McLaren driver Kimi Raikkonen says he has not lost hope of winning the world championship title despite falling 32 points behind rival Fernando Alonso.
Raikkonen says it was right not to pit at the Nurburgring
Raikkonen lost victory in the European Grand Prix to the Renault driver when he crashed on the final lap.
"There are many races to go; we will just try to win the next races and see where we end up," he told BBC Sport.
Raikkonen said he had no regrets about McLaren's decision not to change the damaged tyre that caused his exit.
The tyre sent heavy vibrations through the McLaren's suspension for much of the second half of the race, which eventually led to it failing.
Raikkonen said: "There was no point stopping. We wanted to try to win the race and if the suspension hadn't given up I think we could have.
"It is disappointing but what can you do? We gave our best. You would think it would last one lap more because it had lasted so long, but this time it didn't."
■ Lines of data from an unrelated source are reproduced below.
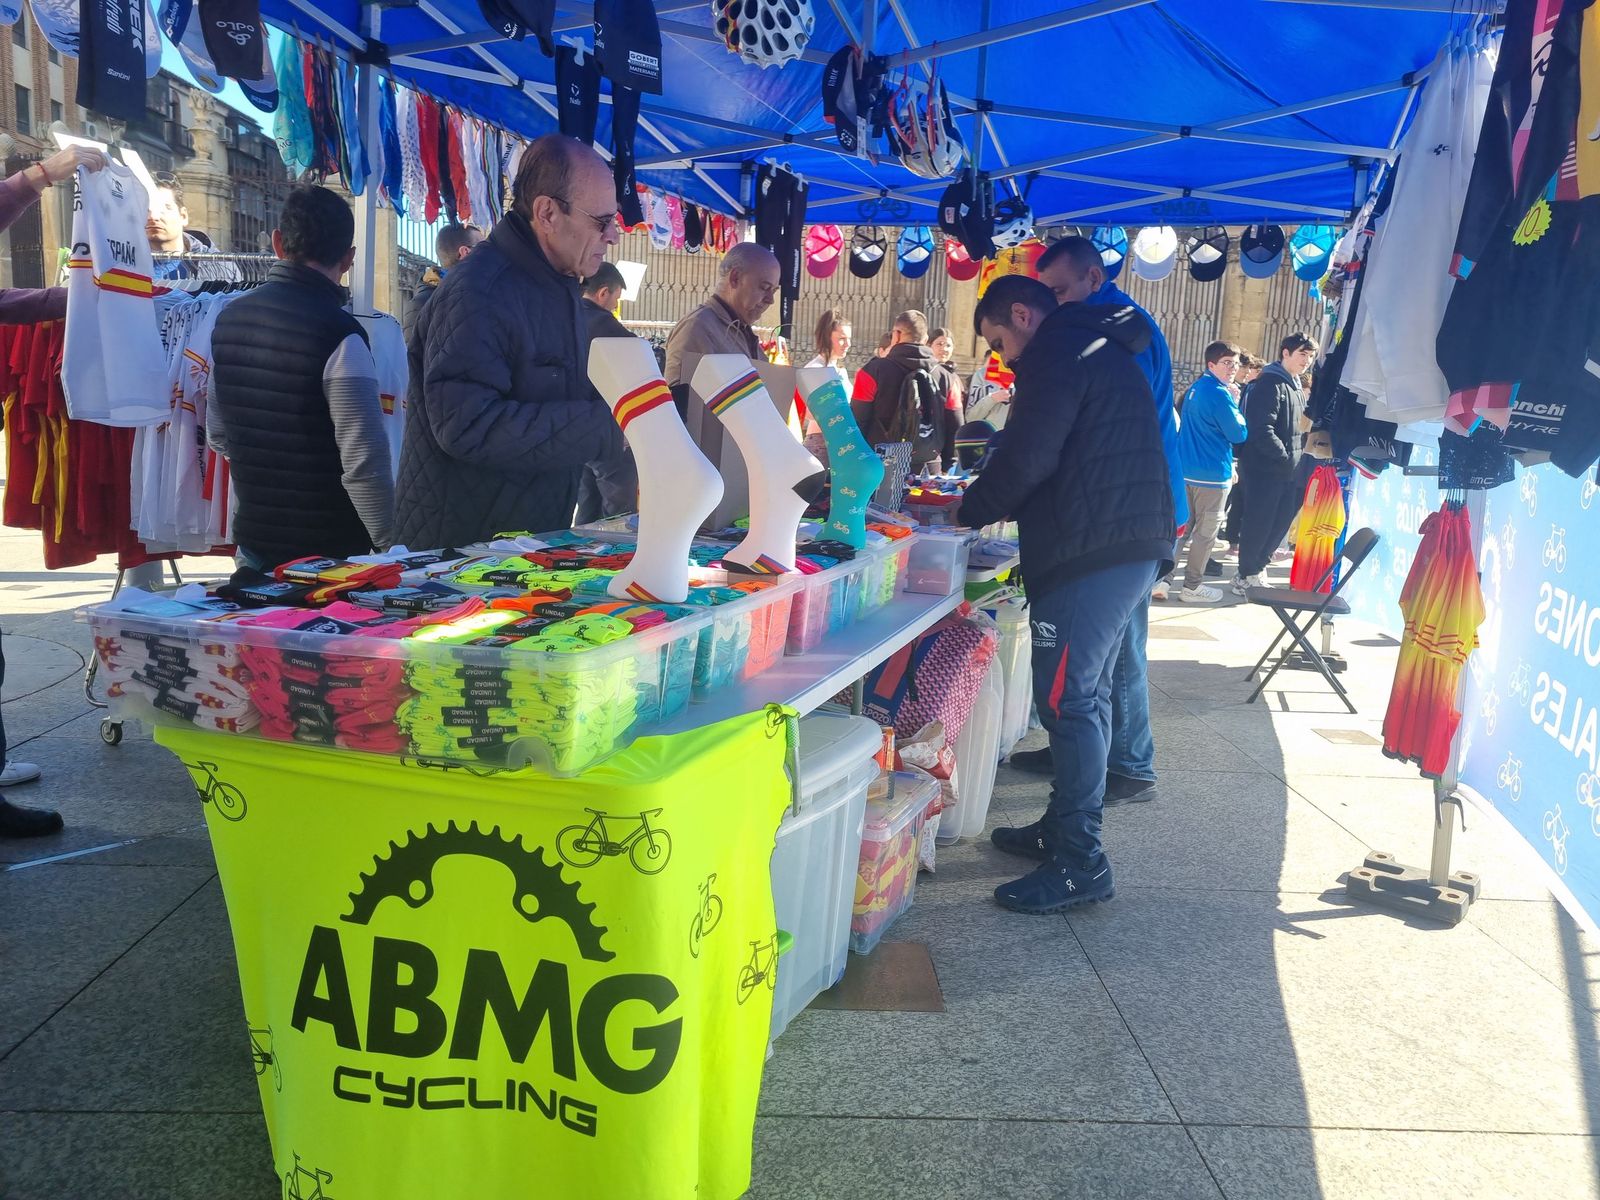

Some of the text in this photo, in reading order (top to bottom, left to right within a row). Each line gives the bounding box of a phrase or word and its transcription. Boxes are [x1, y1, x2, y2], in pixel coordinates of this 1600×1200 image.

[630, 52, 658, 65] GOBERT
[107, 68, 131, 81] Santini
[291, 658, 313, 668] UNIDAD
[290, 685, 312, 696] UNIDAD
[862, 705, 892, 724] LPOZO
[290, 924, 683, 1095] ABMG
[333, 1065, 598, 1138] CYCLING
He said McLaren's decision was influenced by the lack of clarity in the rules govering tyres.
These demand that drivers use only one set of tyres for qualifying and the whole race, and say a "punctured or damaged tyre" may only be changed for "clear and genuine safety reasons".
But it is governing body the FIA that decides whether a team was justified in changing a tyre - and only after the race.
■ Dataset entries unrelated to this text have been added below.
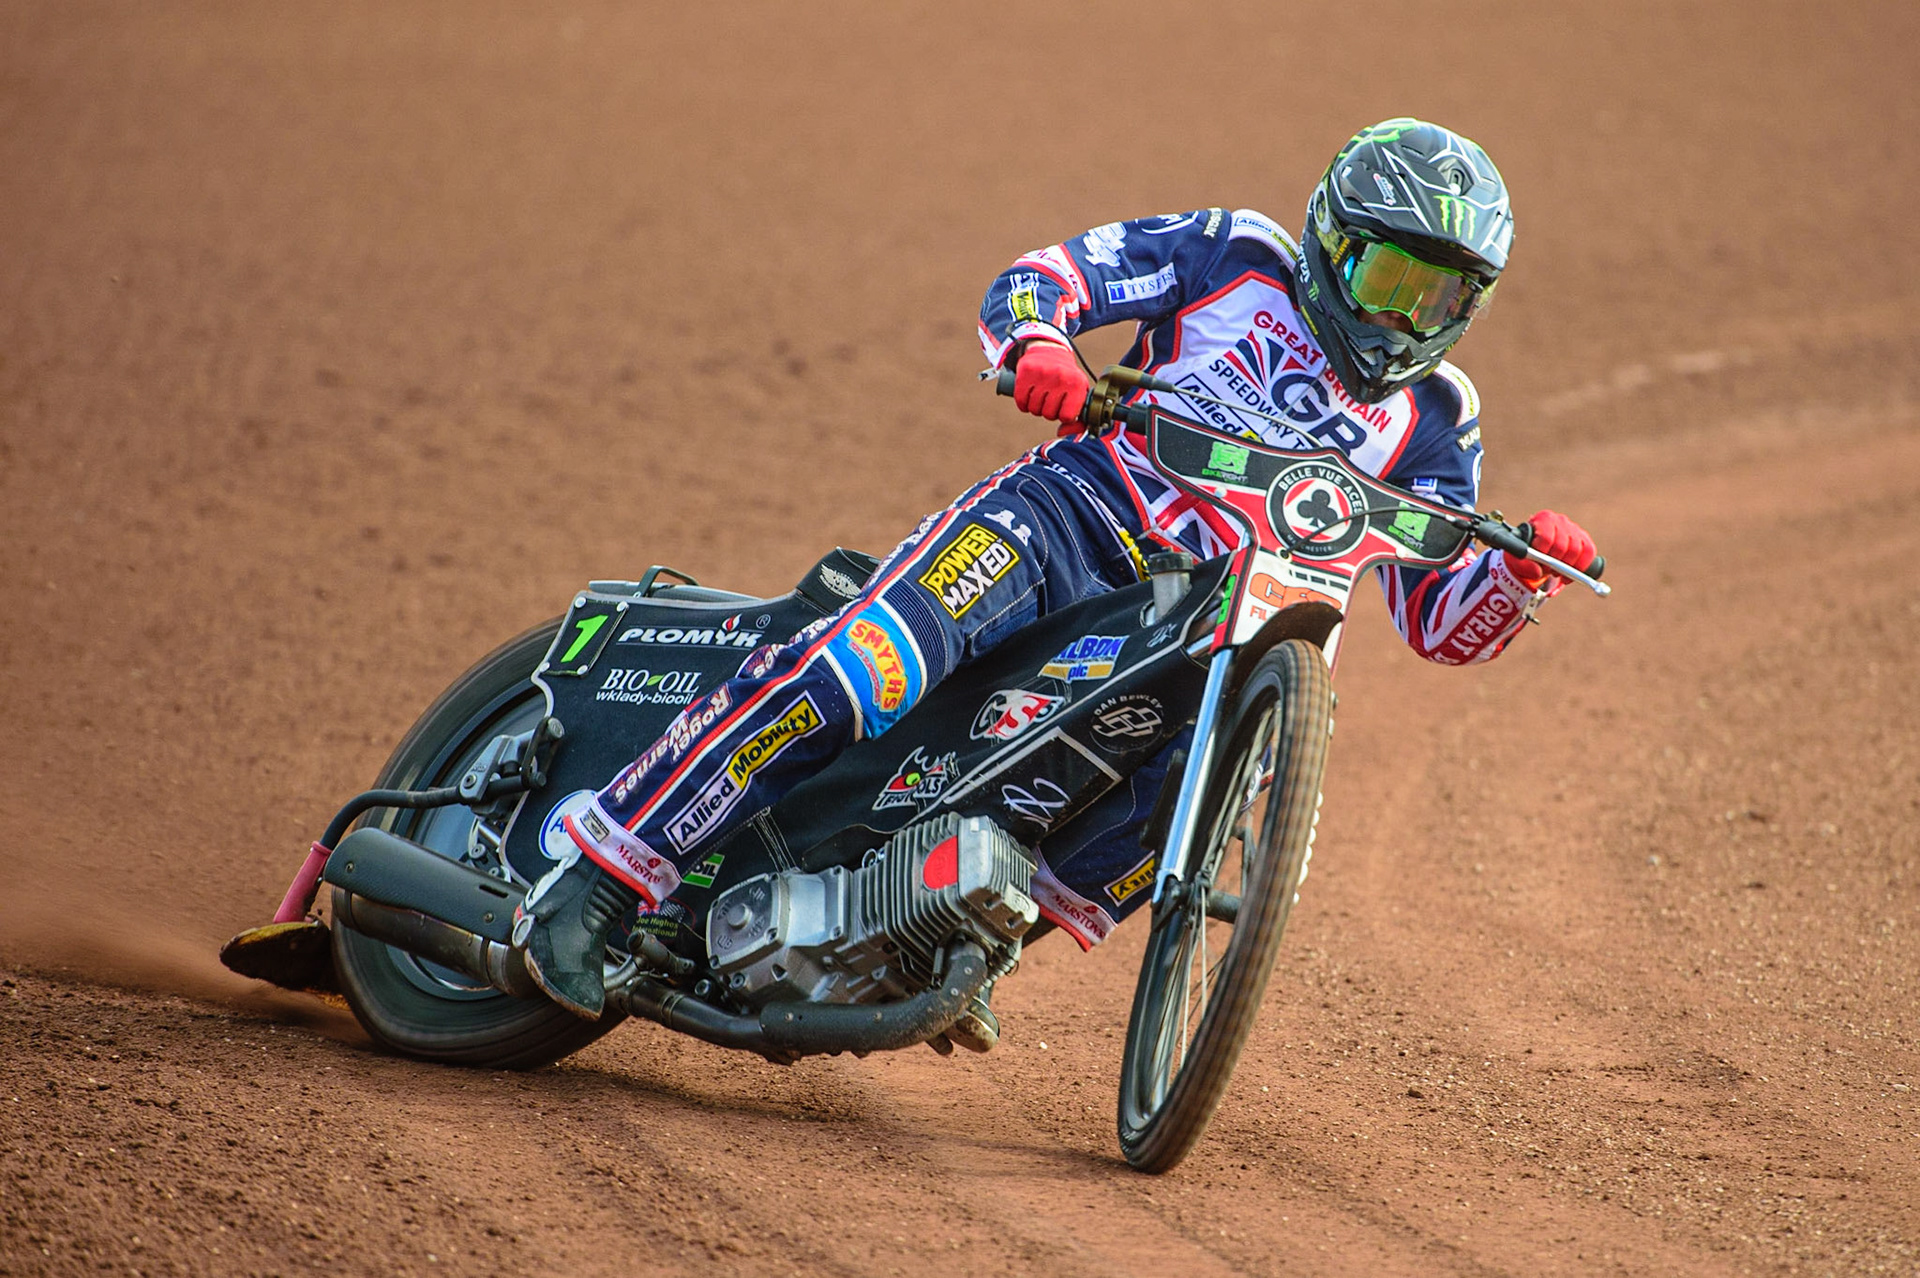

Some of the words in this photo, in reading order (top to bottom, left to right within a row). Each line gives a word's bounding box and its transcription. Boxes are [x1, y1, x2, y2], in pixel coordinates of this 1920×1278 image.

[1253, 310, 1323, 366] GREAT
[1181, 384, 1243, 434] Allied
[1209, 358, 1294, 439] SPEEDWAY
[1324, 367, 1392, 434] BRITAIN
[1278, 467, 1313, 491] BELLE
[1318, 467, 1343, 485] VUE
[1343, 486, 1364, 514] ACES
[927, 528, 996, 596] POWER
[943, 543, 1011, 613] MAXED
[561, 614, 608, 663] 1
[1450, 593, 1514, 656] GREAT
[601, 668, 650, 692] BIO
[658, 670, 701, 693] OIL
[850, 622, 903, 708] SMYTHS
[671, 686, 731, 763] Roger
[1094, 697, 1117, 716] DAN
[1120, 694, 1163, 708] BEWLEY
[614, 716, 689, 803] Warnes
[679, 777, 735, 843] Allied
[732, 708, 812, 781] Mobility
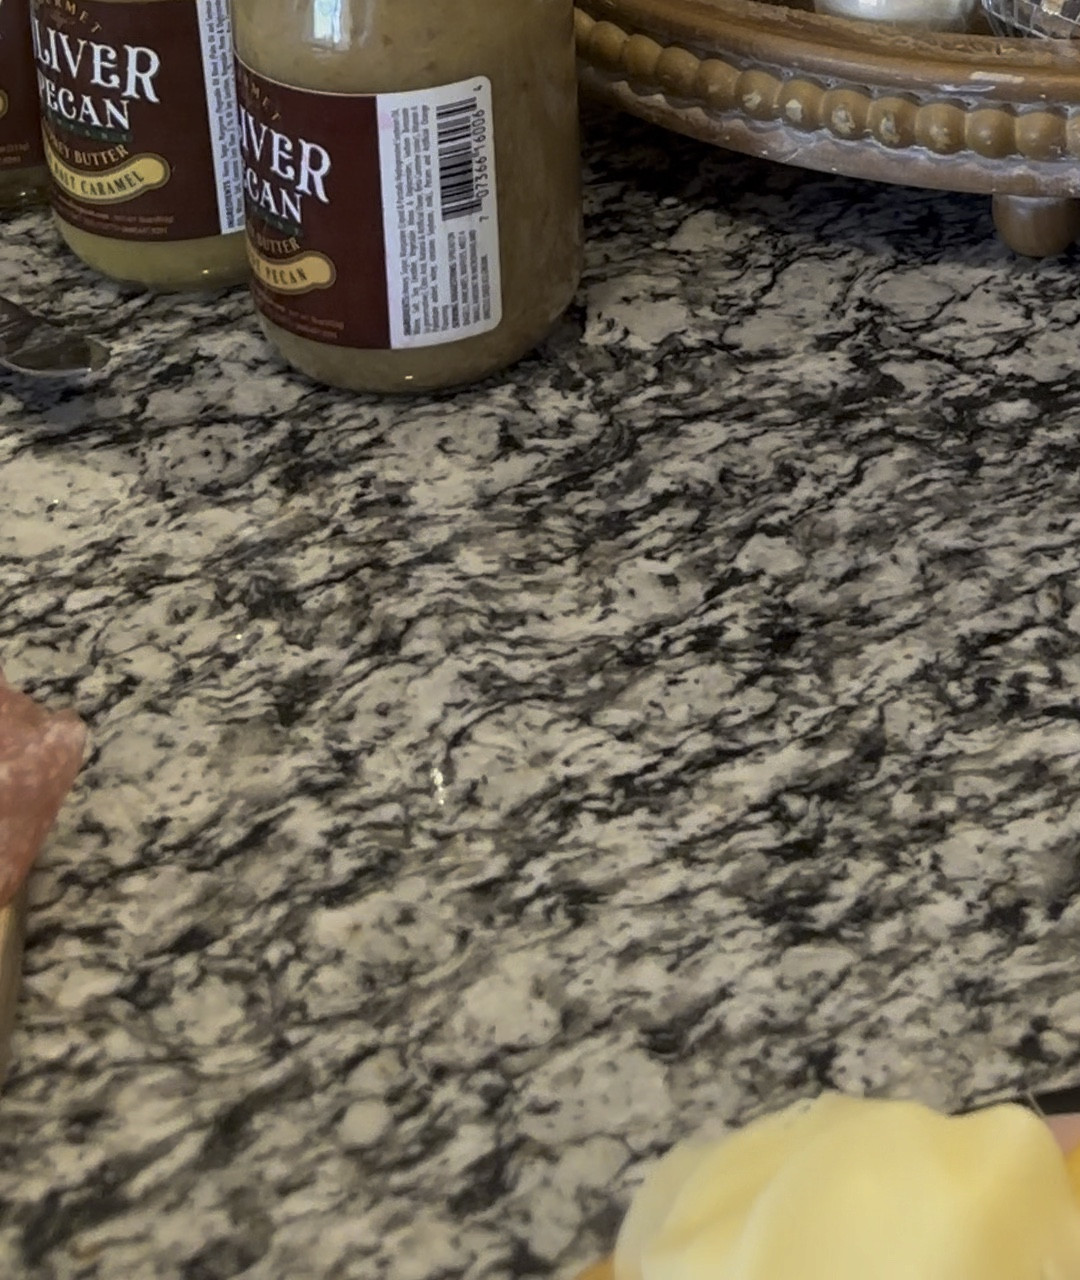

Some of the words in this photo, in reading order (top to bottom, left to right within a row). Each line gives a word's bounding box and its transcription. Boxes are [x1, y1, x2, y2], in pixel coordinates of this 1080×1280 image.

[33, 17, 161, 103] LIVER
[472, 109, 487, 152] 16006
[74, 144, 129, 166] BUTTER
[239, 104, 332, 204] IVER
[80, 170, 145, 196] CARAMEL
[245, 167, 302, 225] CAN
[473, 156, 489, 198] 07366
[265, 266, 308, 286] PECAN
If they decide that the driver who has changed a tyre could have continued, the FIA can disqualify him.
"You don't know how bad the tyre needs to be before you are allowed to change it," Raikkonen said.
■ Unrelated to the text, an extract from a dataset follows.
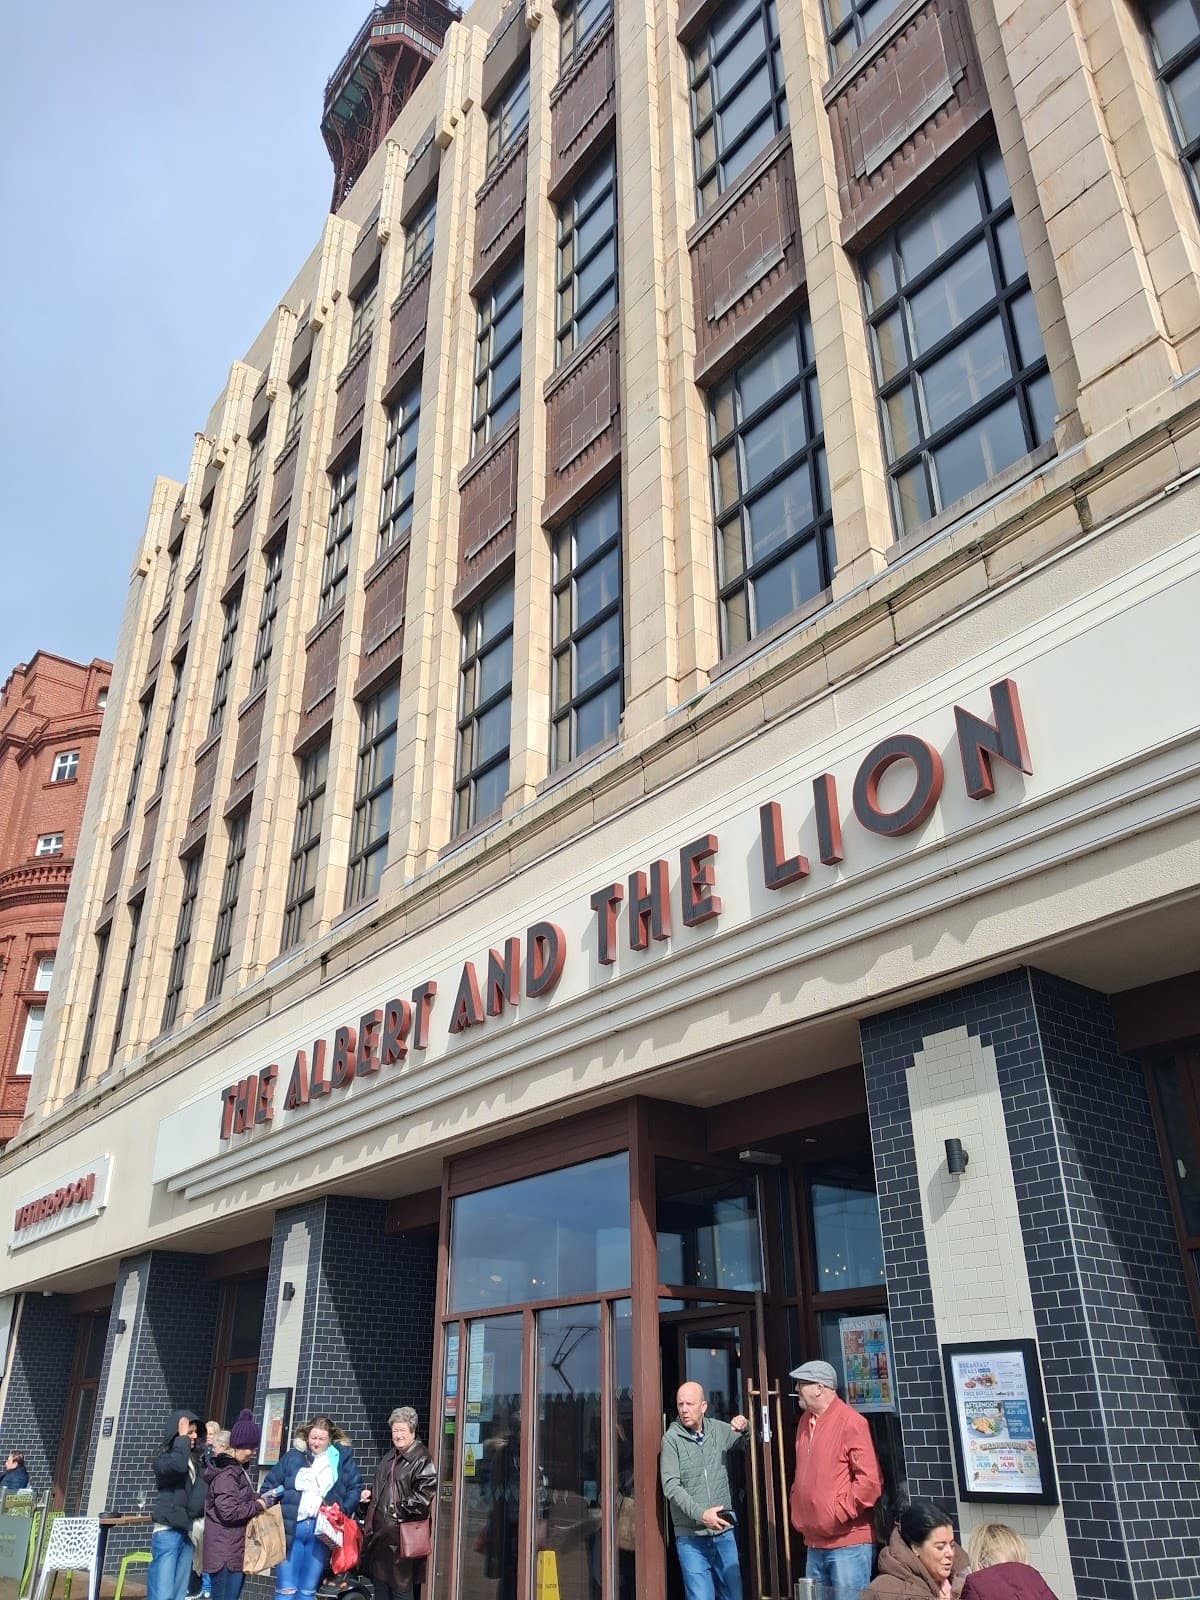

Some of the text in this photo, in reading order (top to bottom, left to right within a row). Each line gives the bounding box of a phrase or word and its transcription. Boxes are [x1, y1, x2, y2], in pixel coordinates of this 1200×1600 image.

"As well, even if we had changed it maybe they would have said it is not bad enough so we penalise you.
"Even then we would have lost the first place if we would have come in so we took the gamble and unfortuntately it didn't pay off.
"But we needed to score more points than Alonso so we didn't see any reason to try to come third and get six points because that is not our aim."
FIA president Max Mosley wrote to F1's teams and tyre manufacturers this week asking them to put safety first.
"It should not be forgotten that a mechanical failure at high speed may involve a degree of risk to the spectating public," Mosley wrote.
"If you are in any doubt about your car, you should always call it in. If you are still in doubt after checking the car in the pits, you should retire it from the race.
"We do not want to feed the localised and ill-considered hysteria about tyres, nor is this letter in any way a criticism of McLaren Mercedes (most of us would probably have done the same in their place last weekend).
"However... we feel this is the right moment to ask everyone to remember their responsibilities.
"The rules of Formula One have always left it to each team to judge how far to go in balancing performance against mechanical integrity.
"Equally, when a car's mechnical integrity has, or may have, been compromised by a race incident, it is for the team to decide whether to continue, make a pit stop or retire.
"The race director does of course have the option of a black and orange flag (to order a car to pit) but would use this only in an extreme situation.
"The team is always better placed to assess the risks than anyone in race control."